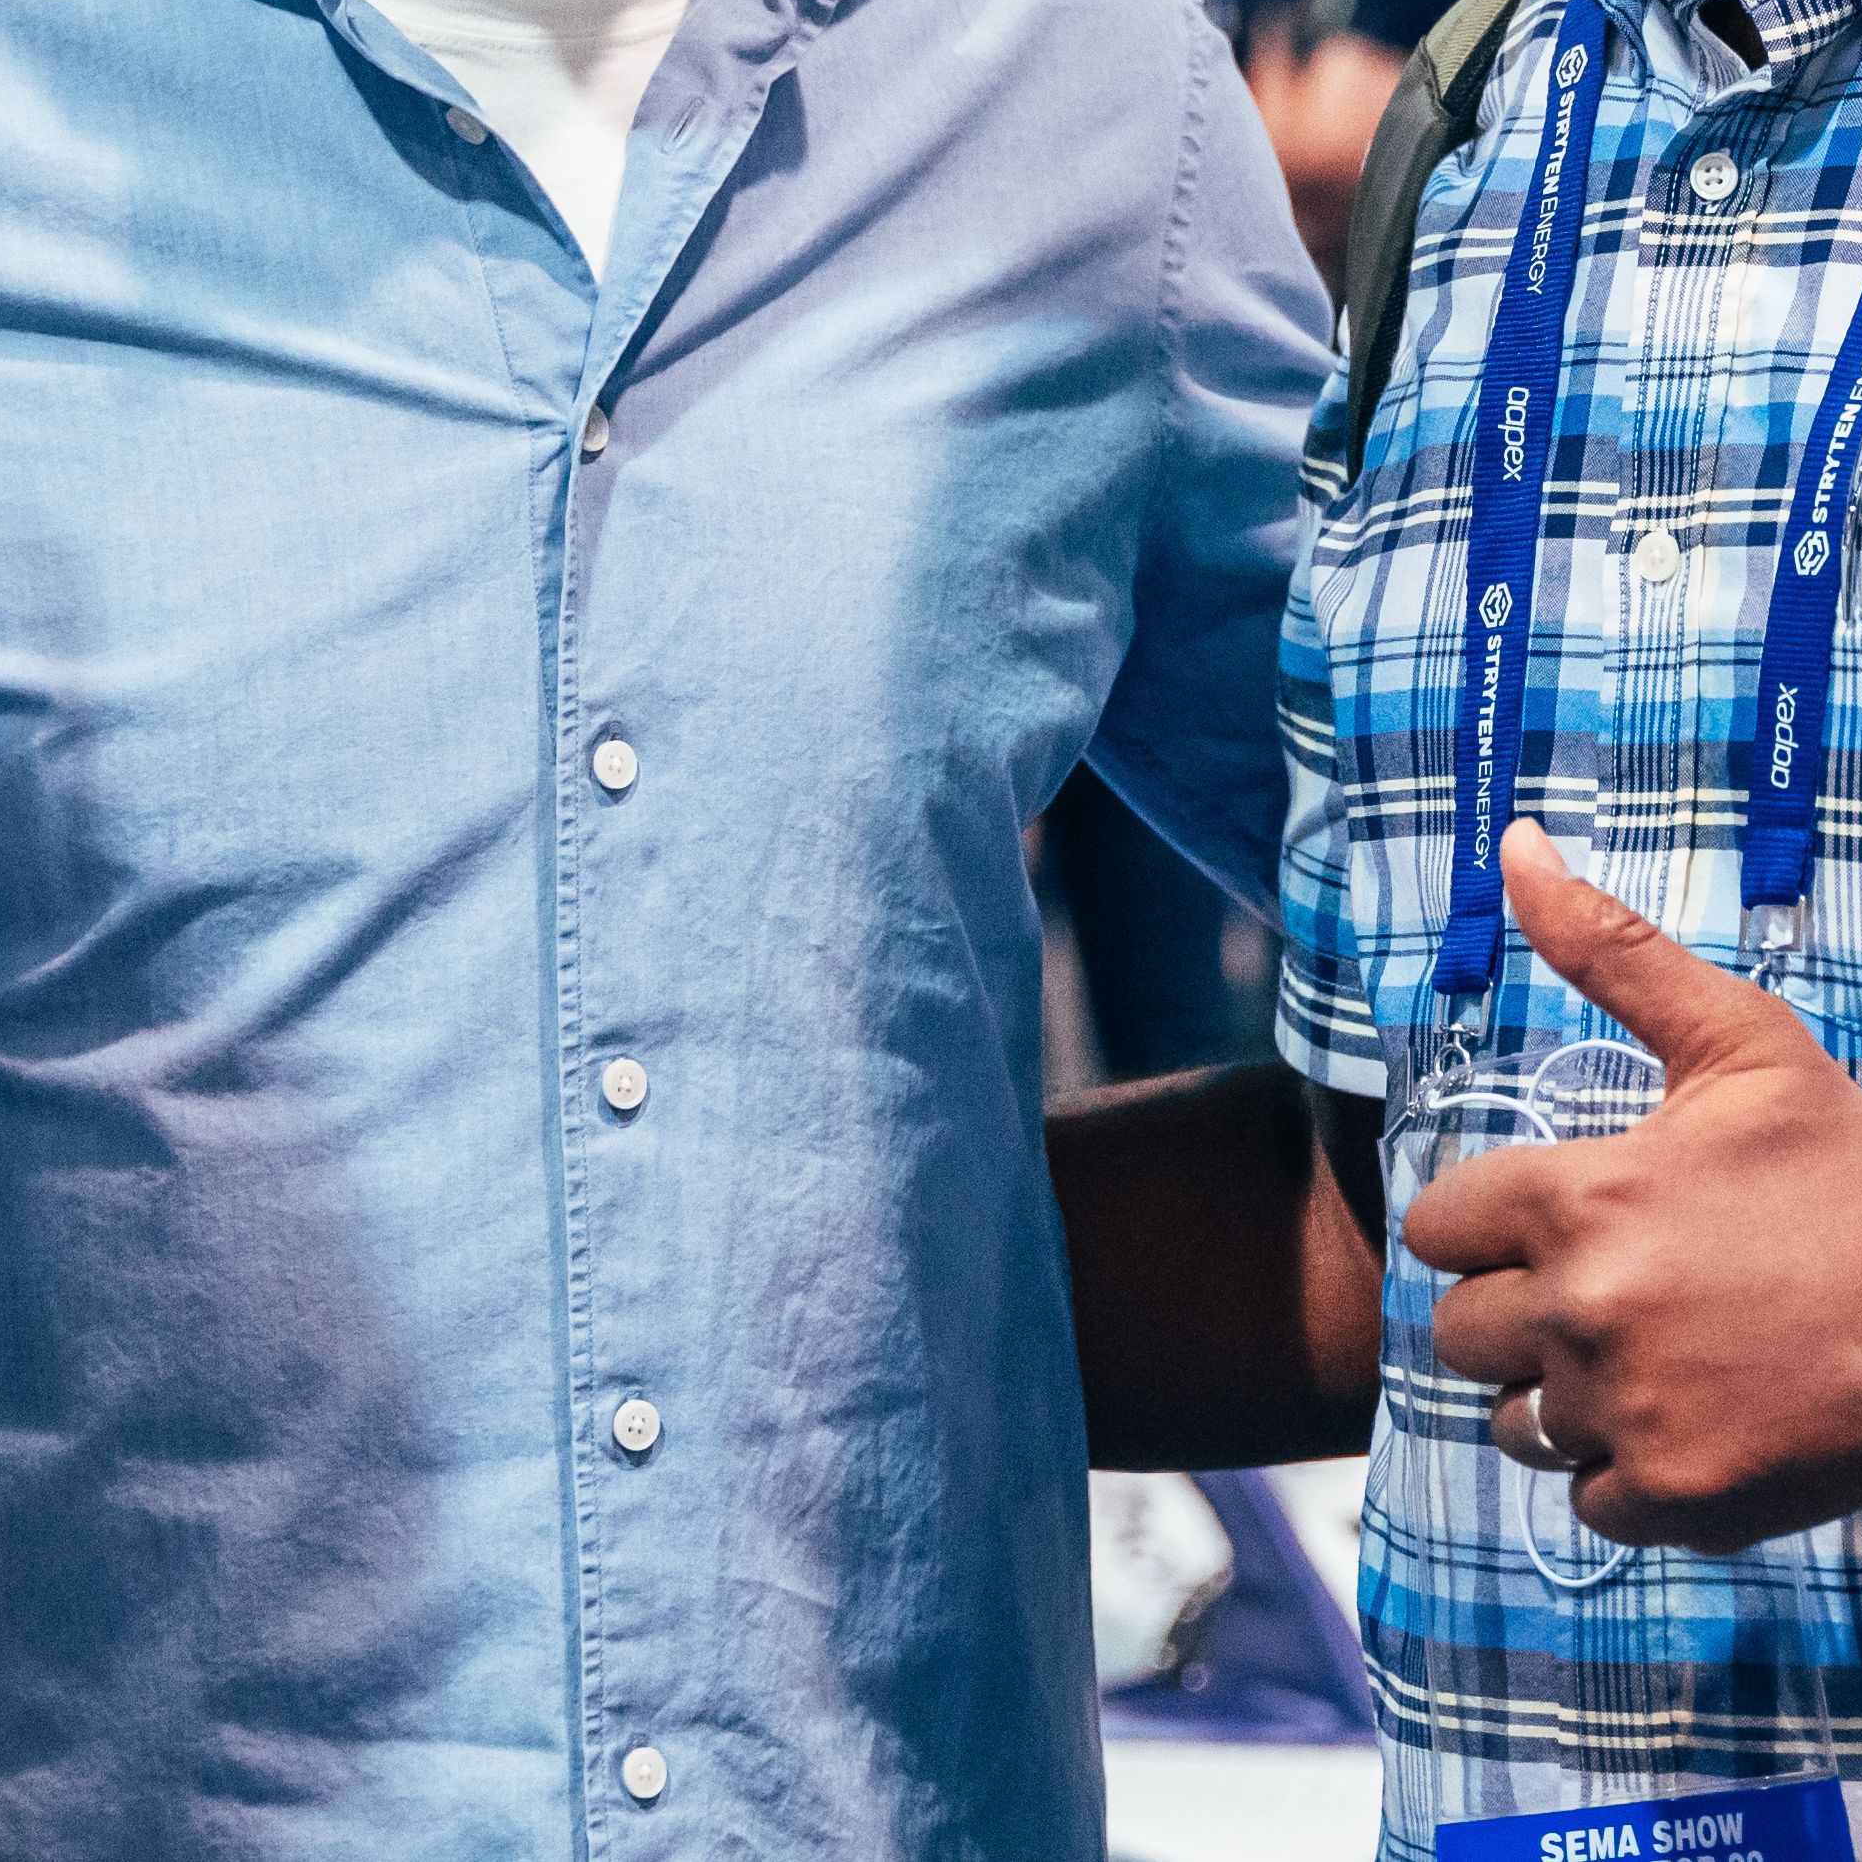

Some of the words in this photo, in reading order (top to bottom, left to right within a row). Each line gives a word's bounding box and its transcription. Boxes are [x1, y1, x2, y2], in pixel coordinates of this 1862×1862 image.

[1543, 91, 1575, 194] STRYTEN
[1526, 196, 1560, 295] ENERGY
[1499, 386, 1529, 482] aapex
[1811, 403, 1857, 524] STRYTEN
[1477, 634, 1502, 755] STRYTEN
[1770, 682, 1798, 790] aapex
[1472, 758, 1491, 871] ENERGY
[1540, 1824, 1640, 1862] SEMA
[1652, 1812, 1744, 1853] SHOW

***

**WORK TO BE COMPLETED:** Pictures stay out. Write out everything else in the material exactly.

**ANSWER TO THIS EXERCISE:**
Some of the words in this photo, in reading order (top to bottom, left to right within a row). Each line gives a word's bounding box and its transcription. Boxes are [x1, y1, x2, y2], in pixel coordinates of this 1862×1862 image.

[1543, 91, 1575, 194] STRYTEN
[1526, 196, 1560, 295] ENERGY
[1499, 386, 1529, 482] aapex
[1811, 403, 1857, 524] STRYTEN
[1477, 634, 1502, 755] STRYTEN
[1770, 682, 1798, 790] aapex
[1472, 758, 1491, 871] ENERGY
[1540, 1824, 1640, 1862] SEMA
[1652, 1812, 1744, 1853] SHOW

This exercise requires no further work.